TITLE:  The Six Secrets of Intelligence:

             Why Modern Education Doesn’t Teach Us How To Think For Ourselves


AUTHOR:  Craig Adams




FORMAT:  ebook




"Some people have something to say in any conversation and can spot the hidden angles of completely unrelated problems; but how do they do it?

So many books, apps, courses, and schools compete for our attention that the problem isn’t a lack of opportunity to sharpen our minds, it’s having to choose between so many options. And yet, more than two thousand years ago, the greatest thinker of Ancient Greece, Aristotle, had already discovered the blueprint of the human mind.

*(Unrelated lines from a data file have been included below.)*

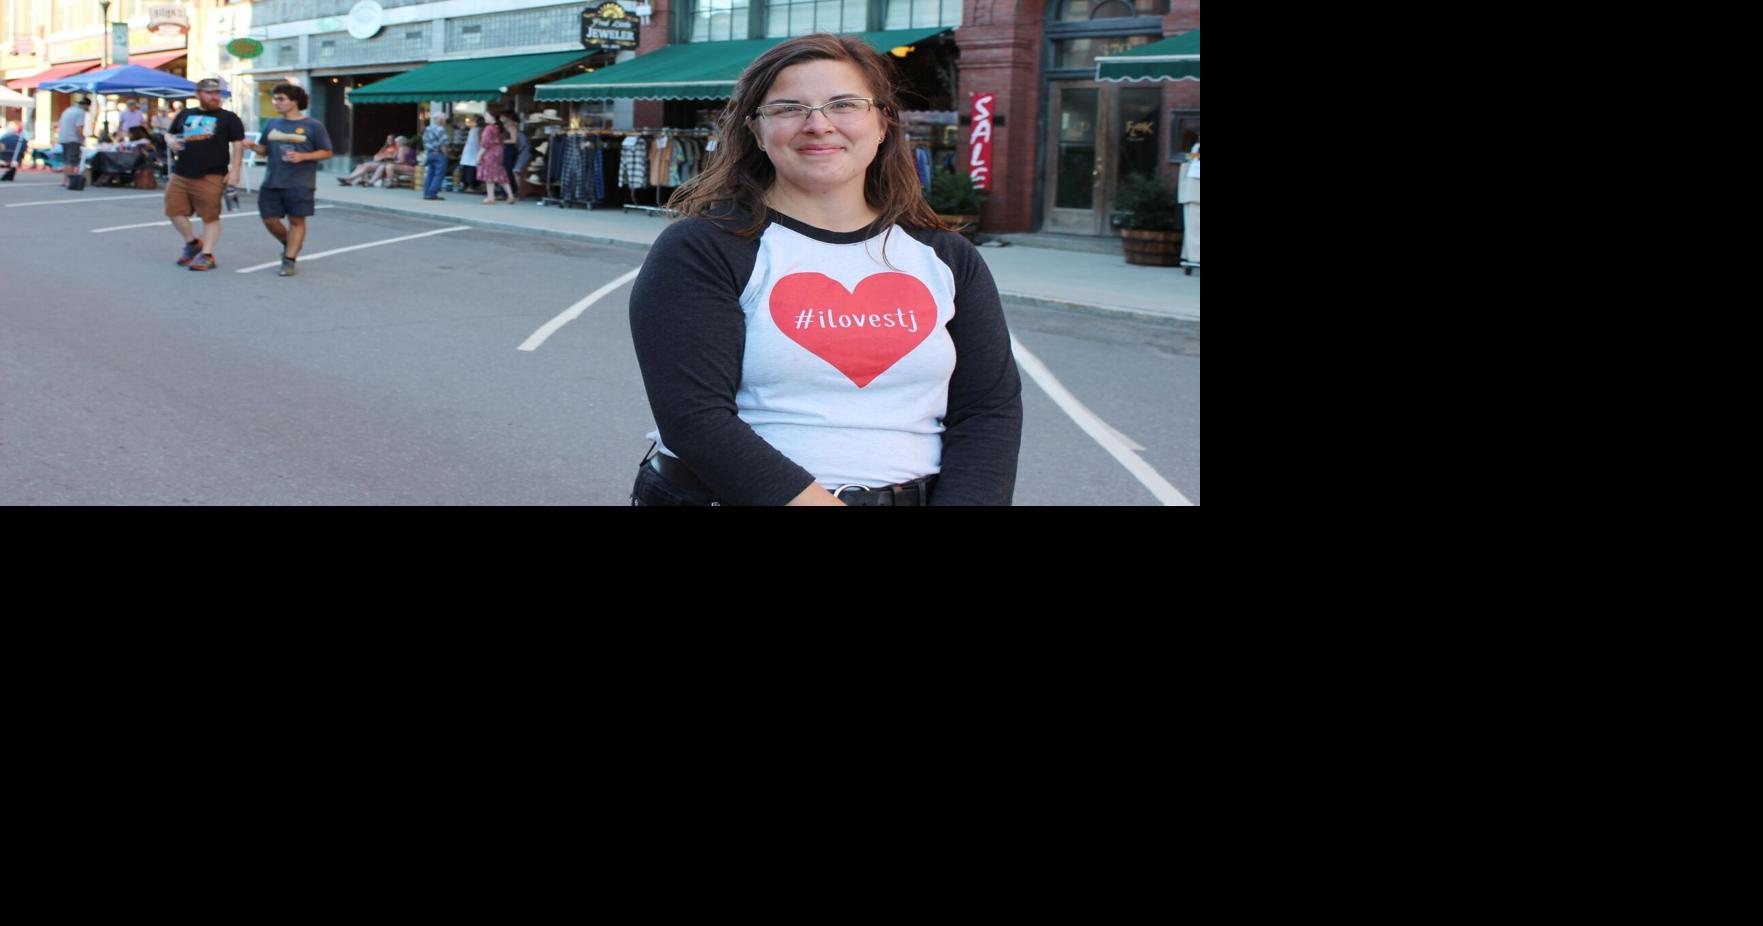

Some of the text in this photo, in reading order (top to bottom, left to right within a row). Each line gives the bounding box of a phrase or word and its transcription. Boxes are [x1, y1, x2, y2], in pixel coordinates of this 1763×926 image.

[586, 27, 635, 41] JEWELER
[969, 96, 992, 190] SALE
[794, 307, 919, 333] #ilovestj
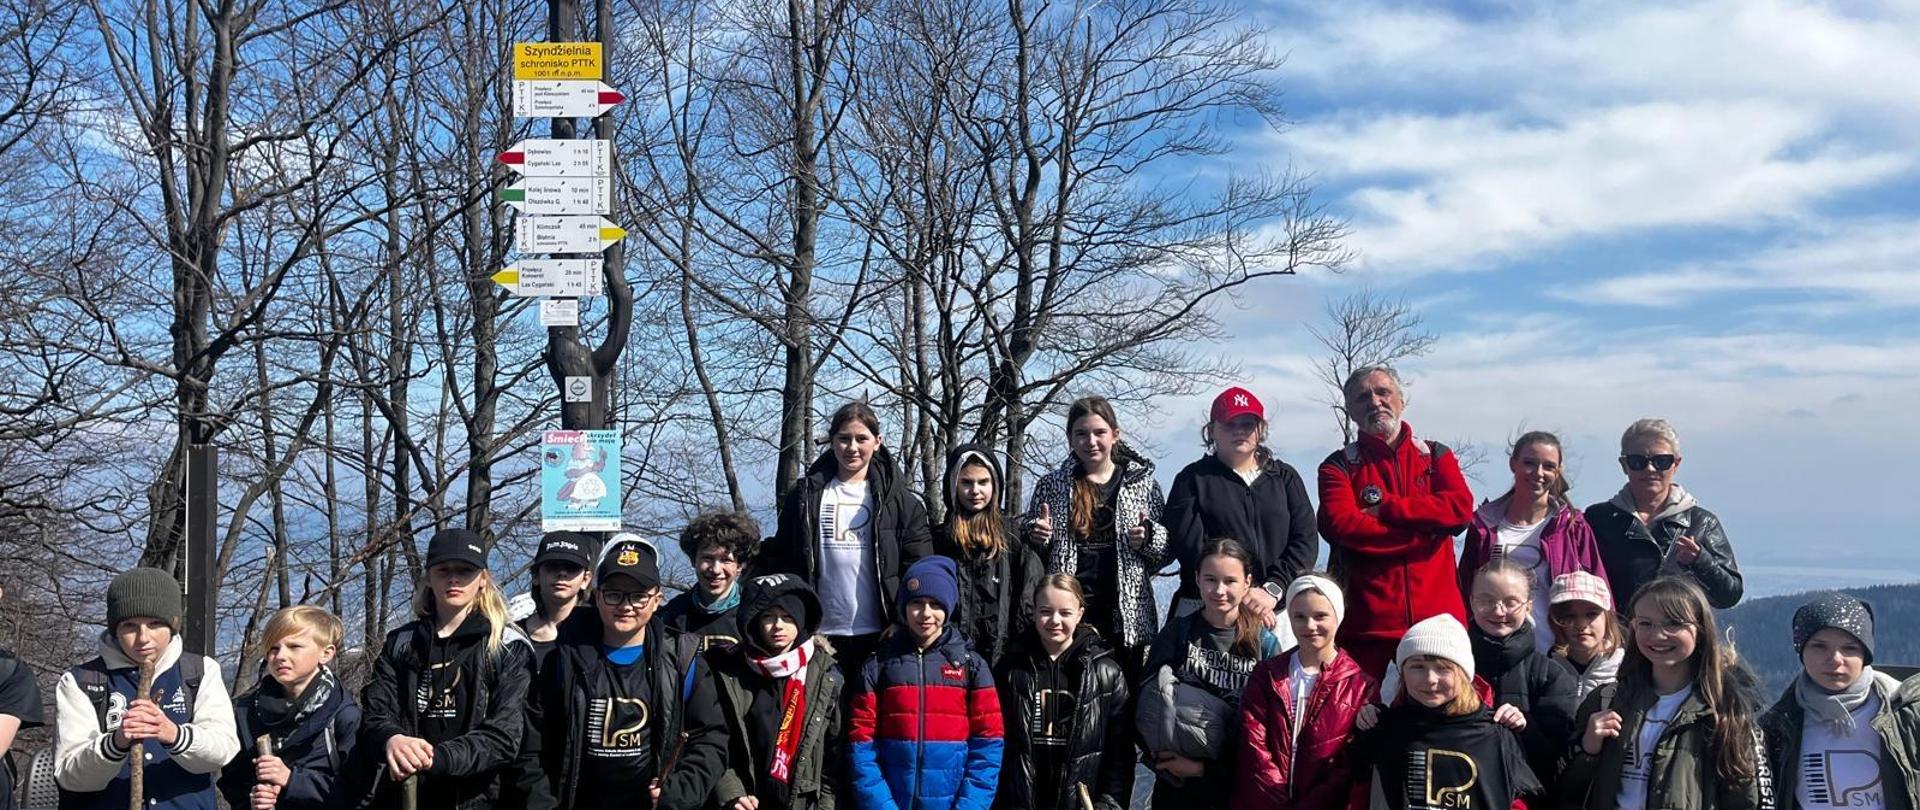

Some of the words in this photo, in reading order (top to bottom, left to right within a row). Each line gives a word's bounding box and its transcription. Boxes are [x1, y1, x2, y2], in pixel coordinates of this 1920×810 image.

[524, 45, 592, 58] Szyndzielnia
[520, 60, 569, 68] schronisko
[571, 59, 595, 67] PTTK

Despite the fact that the latest cognitive science shows his blueprint to be exactly what sharpens our reasoning, subtlety of thought, and ability to think in different ways and for ourselves, we have meanwhile replaced it with a simplistic and seductive view of intelligence, education and the mind.

Condensing that blueprint to six 'secrets', Craig Adams uncovers the underlying patterns of every discussion and debate we’ve ever had, and shows us how to be both harder to manipulate and more skilful in any conversation or debate – no matter the topic."

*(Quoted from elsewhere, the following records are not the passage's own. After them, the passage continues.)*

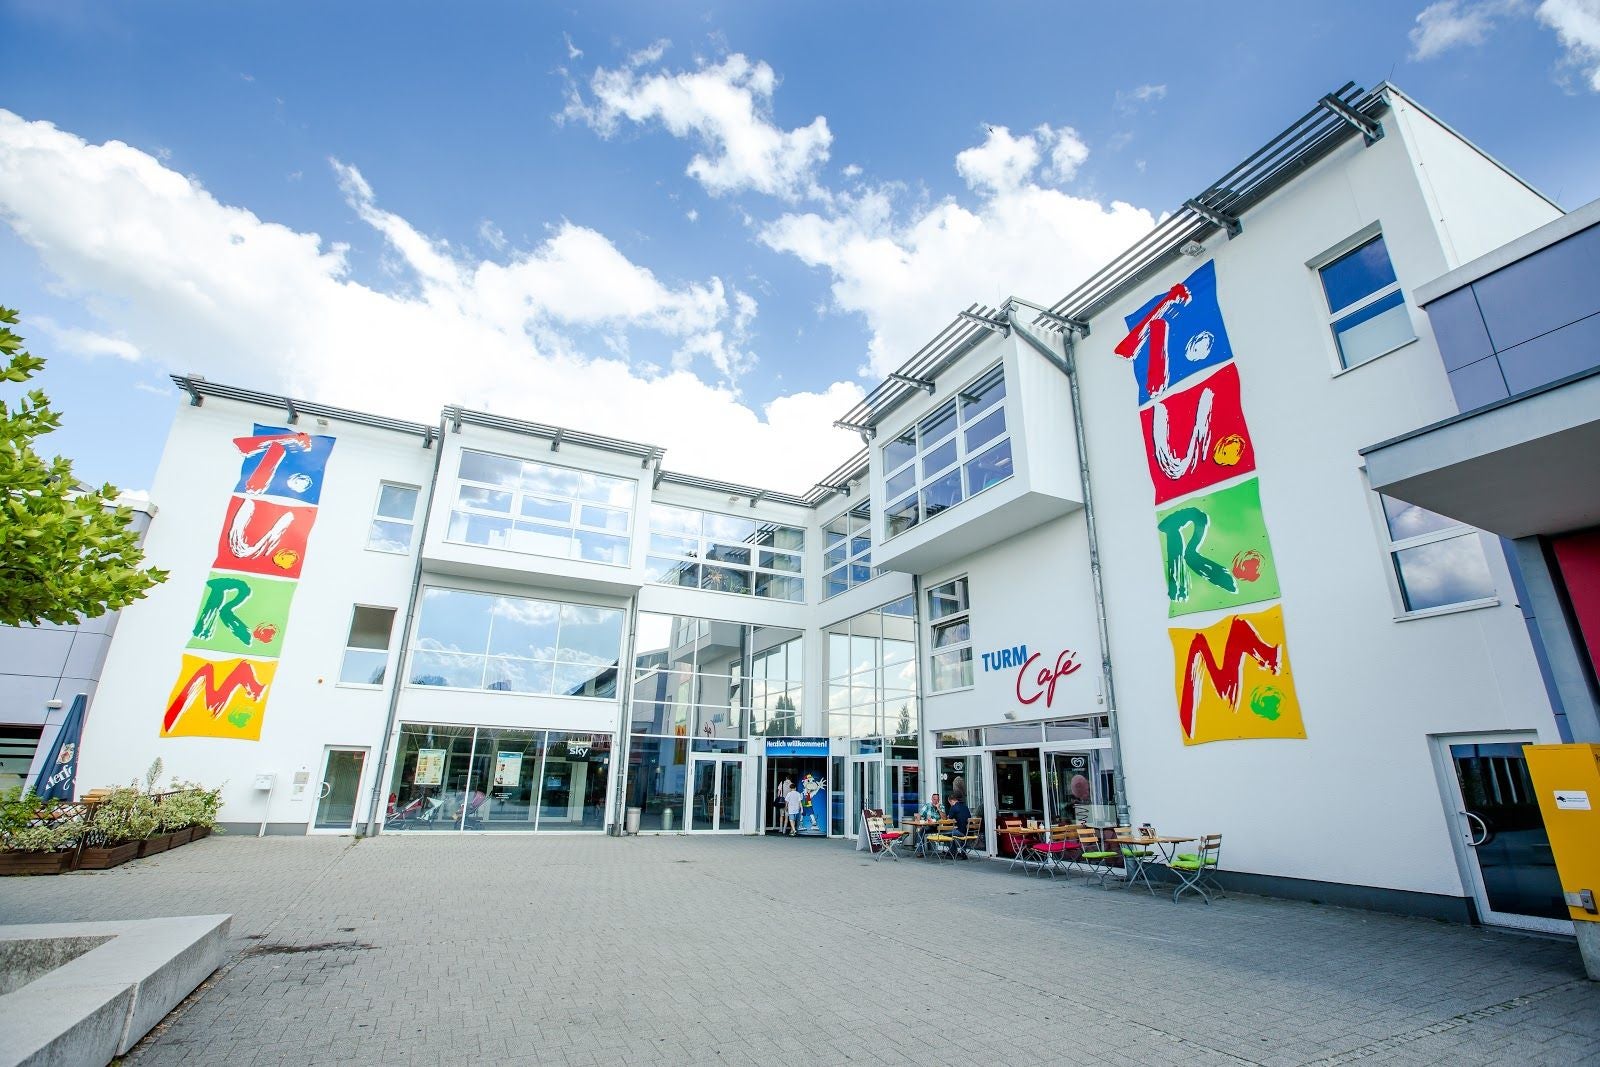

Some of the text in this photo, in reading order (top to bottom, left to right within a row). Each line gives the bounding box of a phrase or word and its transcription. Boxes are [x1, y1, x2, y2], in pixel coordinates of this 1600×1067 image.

[981, 644, 1082, 708] TURM Café
[766, 740, 786, 748] Herzlich
[569, 745, 589, 758] sky
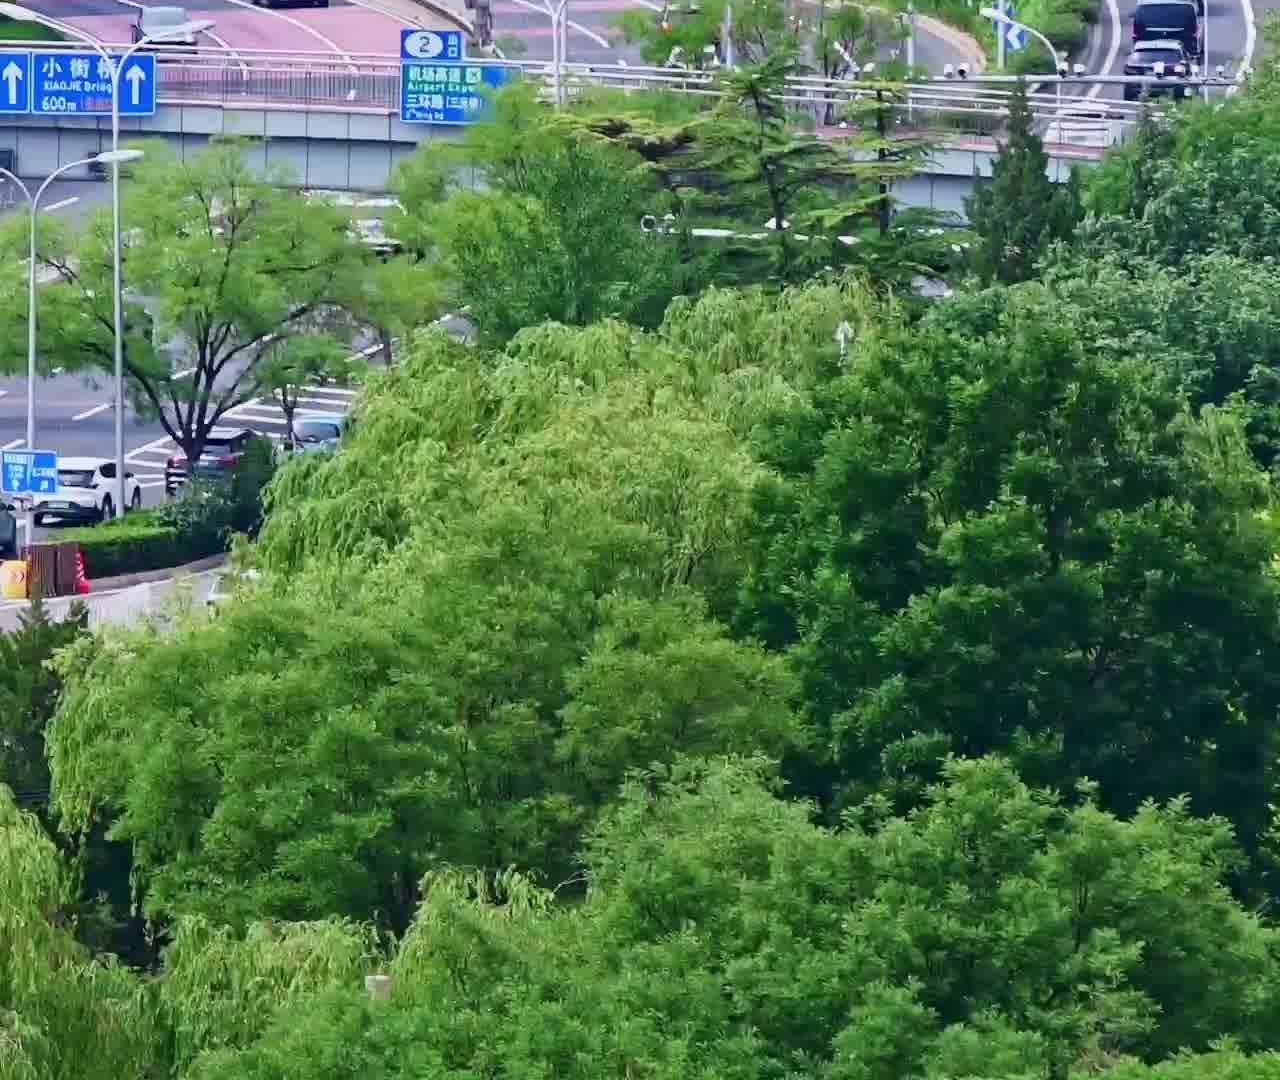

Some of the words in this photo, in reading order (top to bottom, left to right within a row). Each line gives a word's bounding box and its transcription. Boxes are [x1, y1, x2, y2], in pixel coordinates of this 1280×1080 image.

[419, 35, 430, 53] 2
[408, 66, 461, 82] 机场高速
[43, 80, 82, 92] XIAOJIE
[84, 82, 113, 95] Bridg

Craig Adams 'six secrets of intelligence' are deduction, induction, analogy, reality, evidence and meaning.  Adams provides the definitions and examples of the basic concepts and shows how this knowledge is useful in spotting and dismissing illogical statements.  The second half of the book deals with the modern education system and how it fails to teach the trivium (grammar, logic, rhetoric).  There is some interesting stuff in this book, but the organisation is a bit erratic with too much repetition and not enough examples.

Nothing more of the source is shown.